:: The problem ::
Reproduce every entry exactly, without alteration.

:: Given data ::
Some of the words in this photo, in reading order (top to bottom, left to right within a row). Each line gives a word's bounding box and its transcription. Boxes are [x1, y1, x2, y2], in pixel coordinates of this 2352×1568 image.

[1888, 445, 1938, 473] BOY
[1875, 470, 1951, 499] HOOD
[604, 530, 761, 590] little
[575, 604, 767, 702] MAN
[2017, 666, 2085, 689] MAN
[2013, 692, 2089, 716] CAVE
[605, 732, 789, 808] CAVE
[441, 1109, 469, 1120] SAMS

:: Result of the task ::
Some of the words in this photo, in reading order (top to bottom, left to right within a row). Each line gives a word's bounding box and its transcription. Boxes are [x1, y1, x2, y2], in pixel coordinates of this 2352×1568 image.

[1888, 445, 1938, 473] BOY
[1875, 470, 1951, 499] HOOD
[604, 530, 761, 590] little
[575, 604, 767, 702] MAN
[2017, 666, 2085, 689] MAN
[2013, 692, 2089, 716] CAVE
[605, 732, 789, 808] CAVE
[441, 1109, 469, 1120] SAMS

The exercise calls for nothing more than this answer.